Aly Dhalla indique que la personnalisation individuelle pourrait ne pas se généraliser, mais il considère aussi que « nous nous rapprochons de la segmentation » des différents profils de risque lorsque nous établissons des poli-ces d’assurance. « Il existe d’excellentes occasions de créer une tarification variable, en temps réel et dynamique pour les clients en nous basant sur la façon dont ils vieillissent réellement par rapport à la façon dont nous prévoyons leur vieillissement en nous basant sur un groupe », ce qui, selon lui, constitue une autre variation de la personnalisation.Alors qu’« il y a quelques gagnants dans chaque catégorie dans le monde numérique pour l’instant », selon Aly Dhalla, les assureurs ont besoin de réaliser trois choses : tirer parti des données et mieux comprendre les risques, exploiter leur marque pour faire connaître leurs produits et services de la bonne façon, et automatiser le processus des réclamations.

Rowena Chan reconnaît que les clients « maîtrisent de plus en plus le numérique, ce qui exerce une pression sur le secteur pour qu’il évolue, par exemple en adoptant les agents conversationnels [chatbots], les demandes électro-niques et l’automatisation robotisée des processus ».

D’après Rowena Chan, le secteur de l’assurance continuera à évoluer afin de devenir plus personnalisé et proactif de façon à satisfaire les attentes du client et du conseiller. Elle cite entre autres exemples : une utilisation accrue des télé-entretiens, l’exploitation des analyses de données pour accélérer la prise de décision de souscription, et le développement d’applications mobiles qui permettent aux clients de suivre leurs placements, de soumettre des réclamations d’assurance et d’envoyer des documents en toute sécurité.

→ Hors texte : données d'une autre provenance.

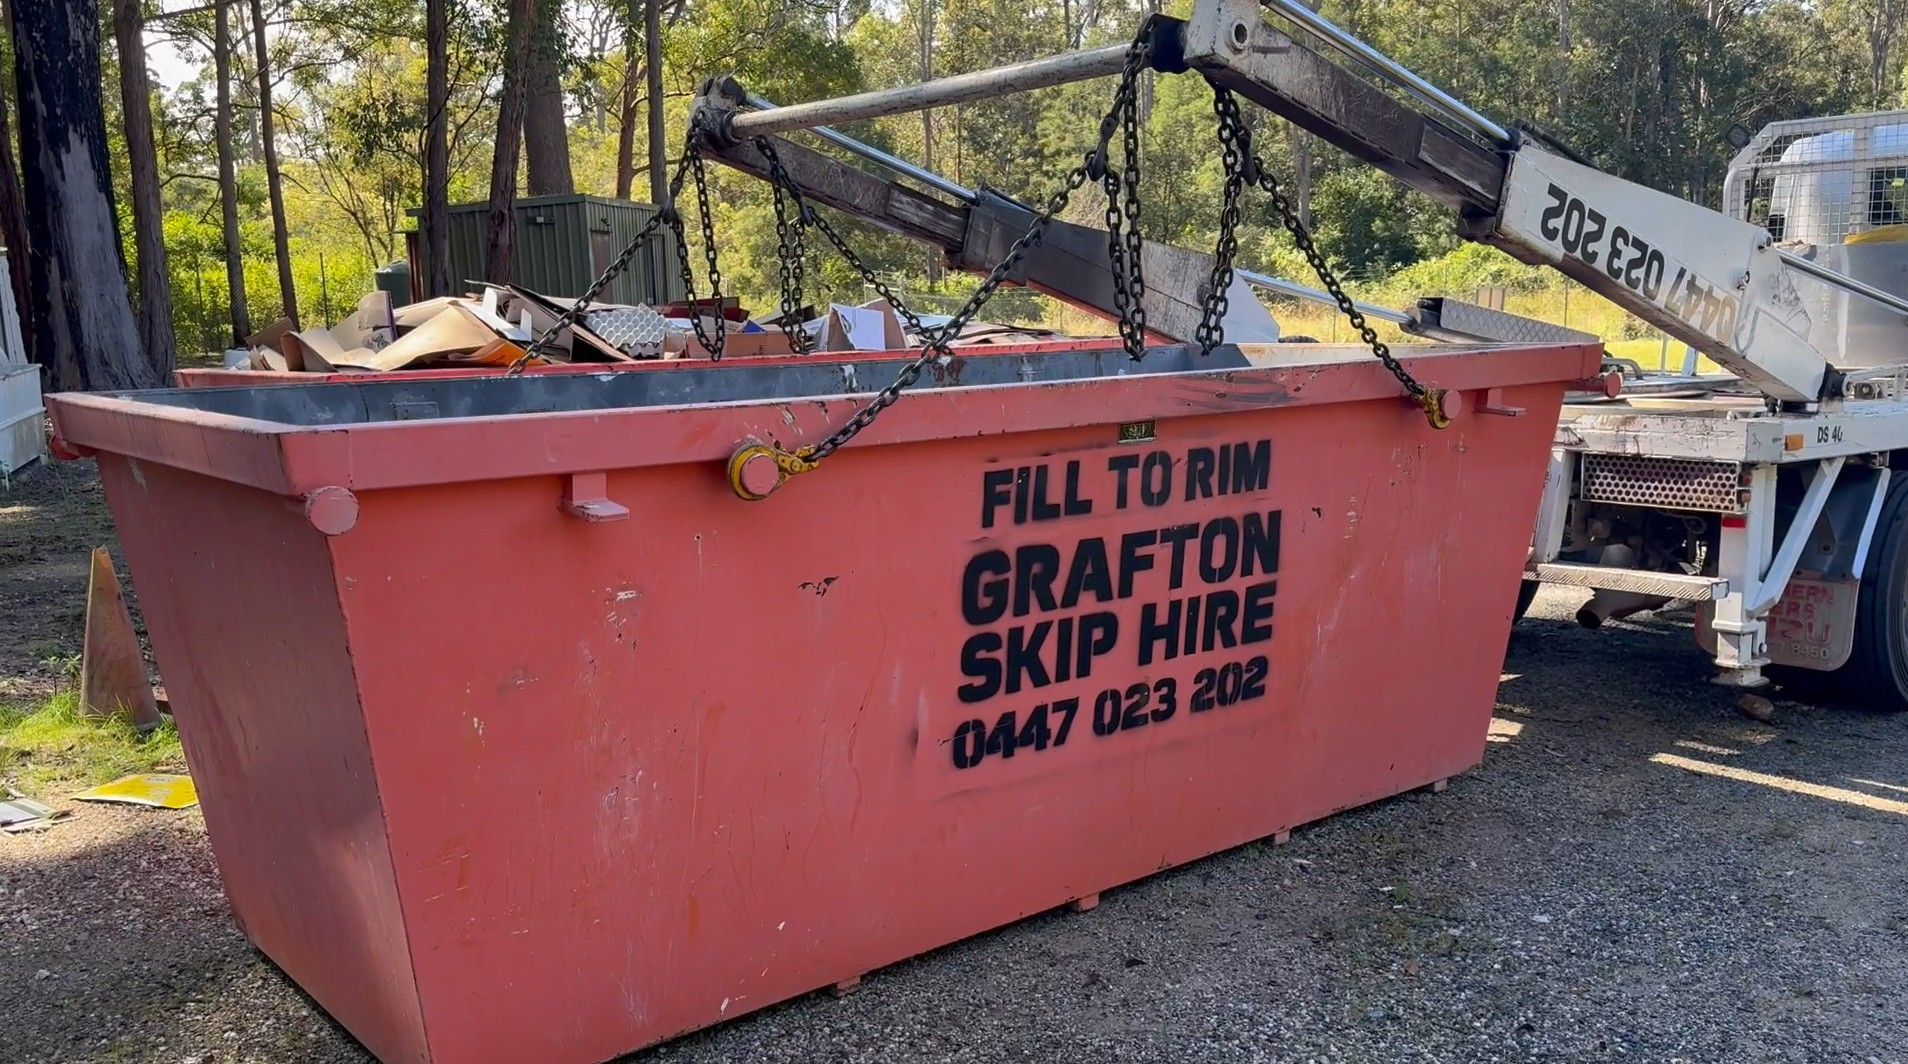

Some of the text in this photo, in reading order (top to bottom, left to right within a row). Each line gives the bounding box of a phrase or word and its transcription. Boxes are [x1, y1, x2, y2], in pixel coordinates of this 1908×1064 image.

[1541, 183, 1606, 265] 202
[1607, 225, 1665, 300] 023
[1663, 266, 1737, 345] 0447
[1817, 426, 1829, 443] DS
[981, 440, 1271, 528] FILL TO RIM
[962, 510, 1281, 626] GRAFTON
[958, 581, 1277, 703] SKIP HIRE
[953, 656, 1268, 771] 0447 023 202

Lorsque les conseillers ont accès à des données plus robustes et plus significatives, dit Rowena Chan, ils sont en mesure de mieux répondre aux besoins des clients. À l’avenir, soutient-elle, « le rôle des conseillers en assurance restera très pertinent pour les clients, mais ils seront capables d’axer leurs efforts sur un conseil et une planification d’ensemble, et de collaborer avec les clients qui veulent un contact humain ou en ont besoin, en plus ou à la place d’une solution numérique ». Toutefois, les compagnies d’assurance devront travailler avec les conseillers pour leur enseigner à tirer profit des technologies numériques dans leur flux de travail.

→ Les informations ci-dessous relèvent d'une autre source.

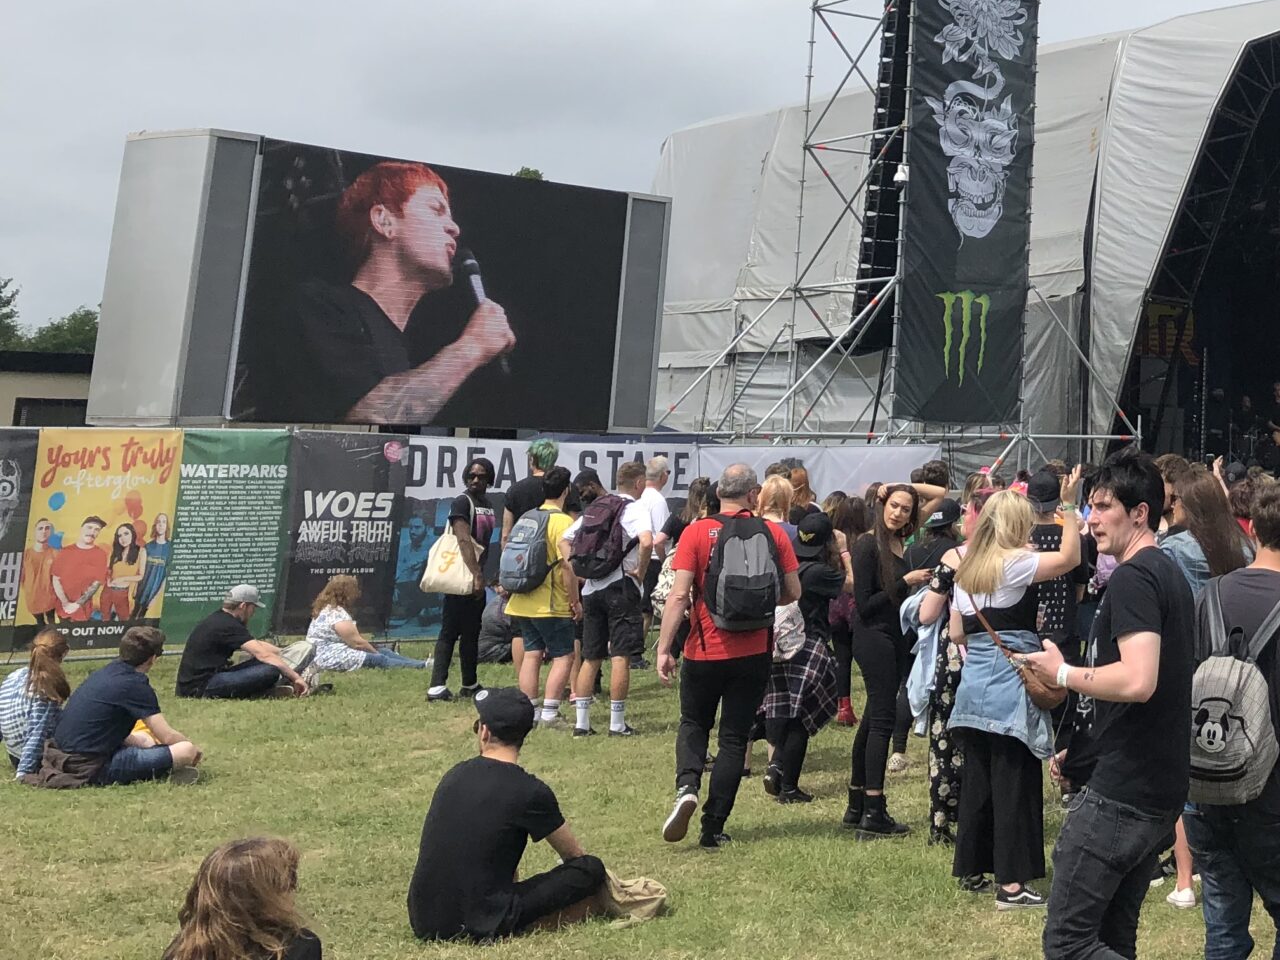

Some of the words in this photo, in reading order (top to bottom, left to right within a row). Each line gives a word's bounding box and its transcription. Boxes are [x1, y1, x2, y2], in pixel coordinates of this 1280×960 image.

[41, 444, 111, 488] yours
[120, 436, 177, 484] truly
[180, 464, 288, 478] WATERPARKS
[405, 443, 535, 489] DRA
[578, 449, 690, 491] STE
[63, 469, 156, 499] afterglow
[304, 490, 395, 519] WOES
[72, 627, 95, 636] OUT
[97, 625, 125, 636] NOW

Dans l’article « Perspectives sur l’assurance en 2020 », Deloitte note que « tout le monde n’innovera pas de la même façon, ni ne suivra des voies similaires. Toutefois, le changement dans ce secteur semble être un sentiment d’urgence croissant. Peu d’assureurs se demandent s’ils sont désorganisés par des forces à la fois internes et extérieures au secteur. À l’inverse, beaucoup commencent à se concentrer sur des réactions à long terme afin d’en éviter la non-pertinence. »

Alors que le secteur de l’assurance vie doit faire face aux difficultés du contexte actuel, Aly Dhalla affirme que « dans l’esprit de nombreux dirigeants, la chose la plus facile à réduire, ce sont les budgets consacrés à l’innovation, à la recherche et développement et à la technologie ». Selon lui, ce « serait une erreur » qui ferait reculer le secteur.